(Information shown begins)
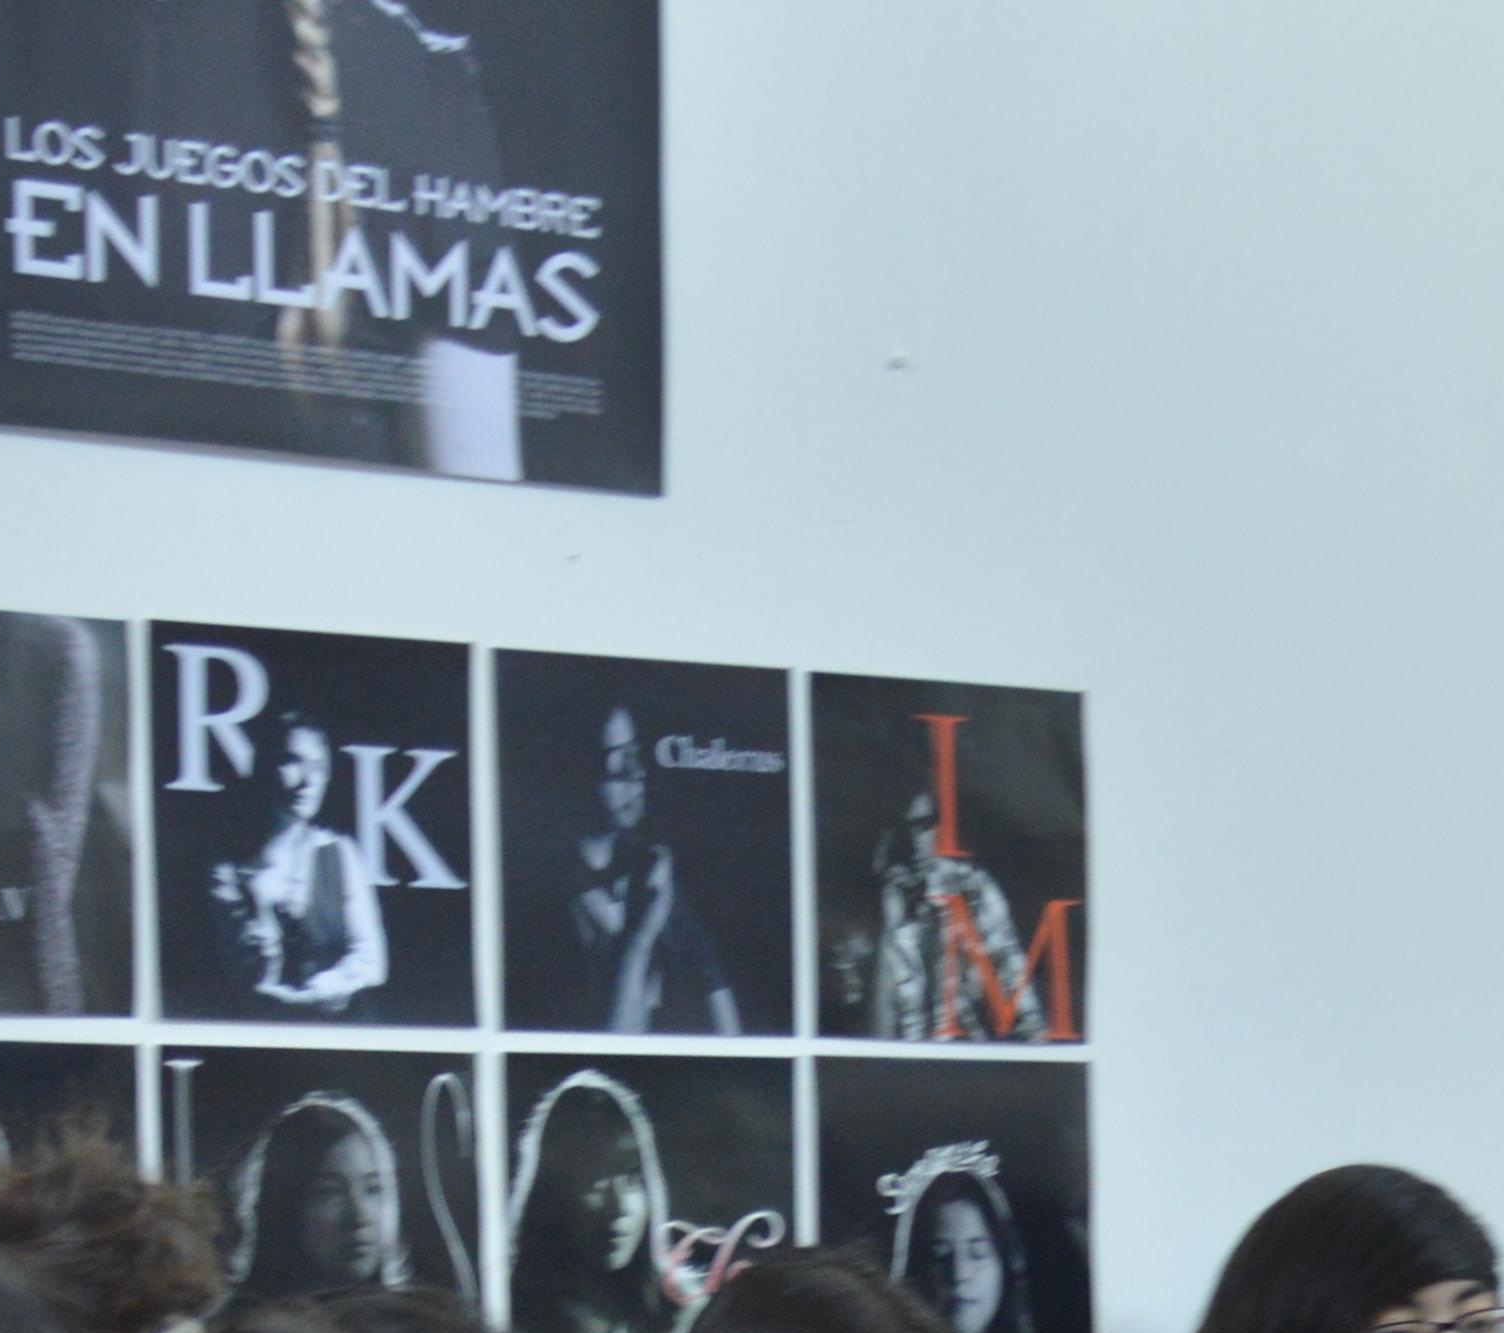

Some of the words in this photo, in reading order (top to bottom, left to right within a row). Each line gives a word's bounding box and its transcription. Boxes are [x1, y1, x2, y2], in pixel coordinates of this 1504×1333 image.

[3, 114, 106, 172] LOS
[114, 131, 307, 200] JUEGOS
[317, 158, 406, 213] DEL
[412, 172, 603, 240] HAMBRE
[4, 178, 160, 288] EN
[187, 201, 601, 344] LLAMAS
[160, 642, 271, 793] R
[339, 744, 470, 891] K
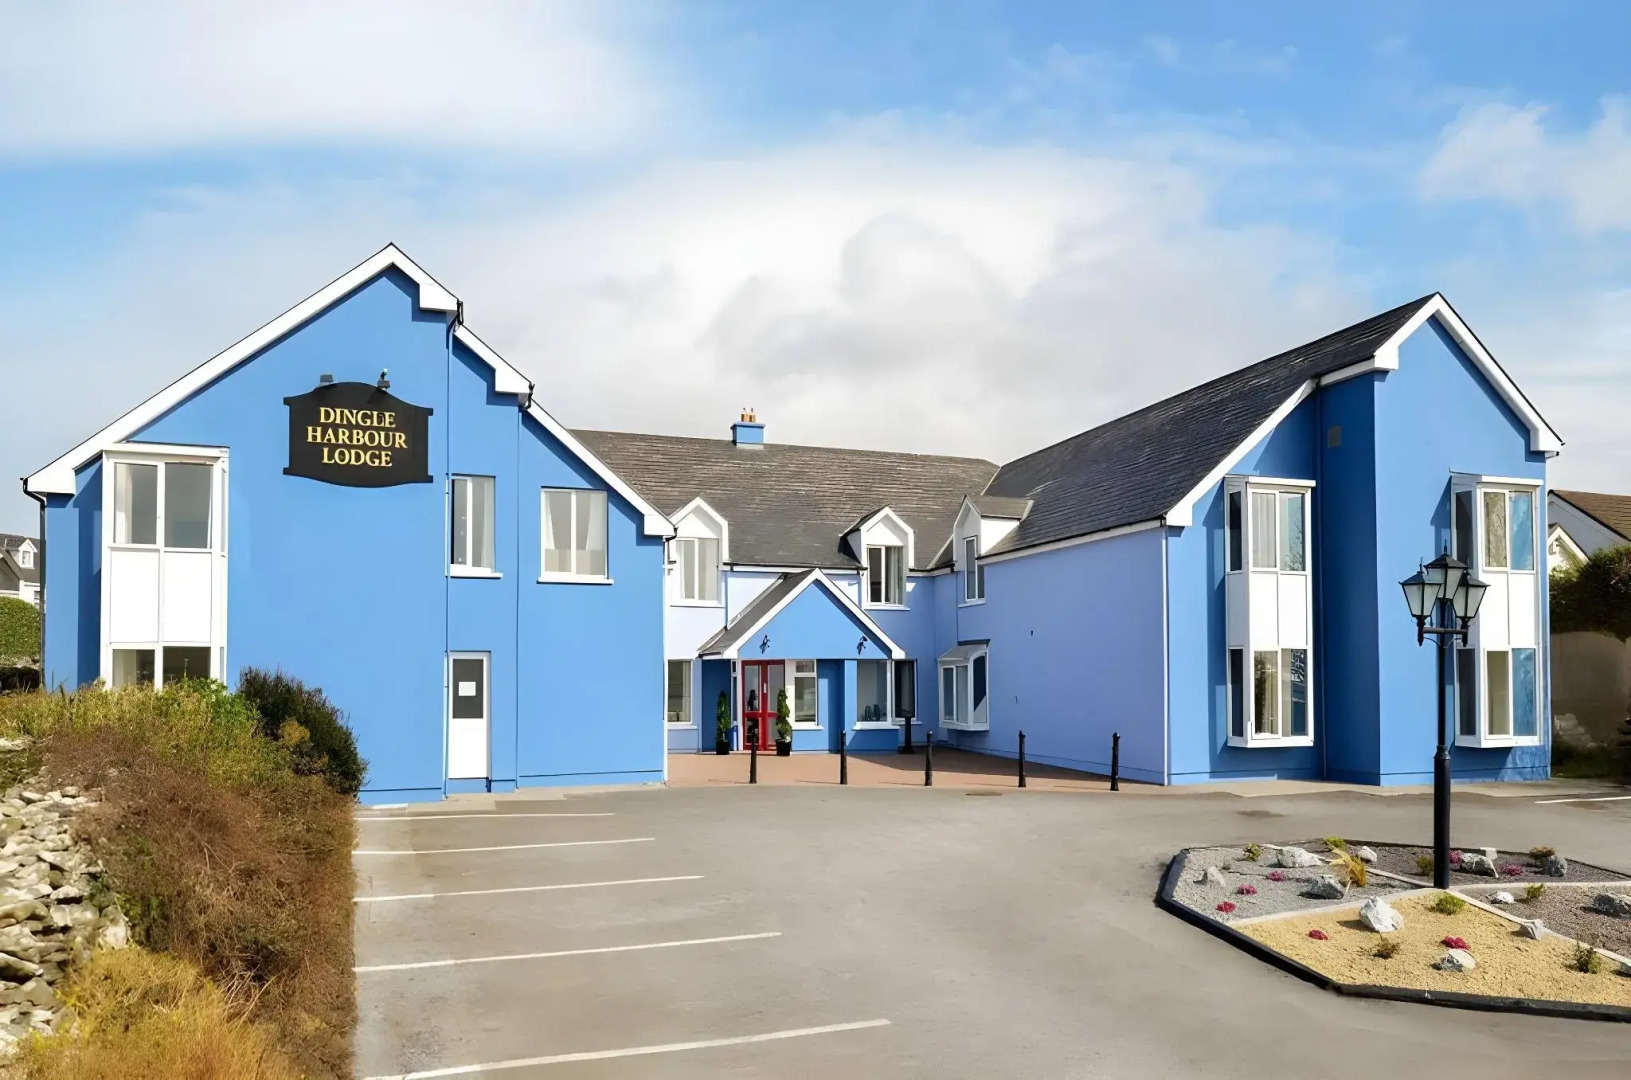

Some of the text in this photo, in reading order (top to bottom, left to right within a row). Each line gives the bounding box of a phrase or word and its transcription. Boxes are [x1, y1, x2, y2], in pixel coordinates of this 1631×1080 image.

[319, 407, 396, 428] DINGLE
[306, 426, 408, 449] HARBOUR
[321, 447, 393, 467] LODGE
(Information shown ends)
> **What the task asks**
Your answer should hold exactly the lines from the one containing "Some of the text" to the last line of the data, both included, and no others.

> **Answer section**
Some of the text in this photo, in reading order (top to bottom, left to right within a row). Each line gives the bounding box of a phrase or word and its transcription. Boxes are [x1, y1, x2, y2], in pixel coordinates of this 1631×1080 image.

[319, 407, 396, 428] DINGLE
[306, 426, 408, 449] HARBOUR
[321, 447, 393, 467] LODGE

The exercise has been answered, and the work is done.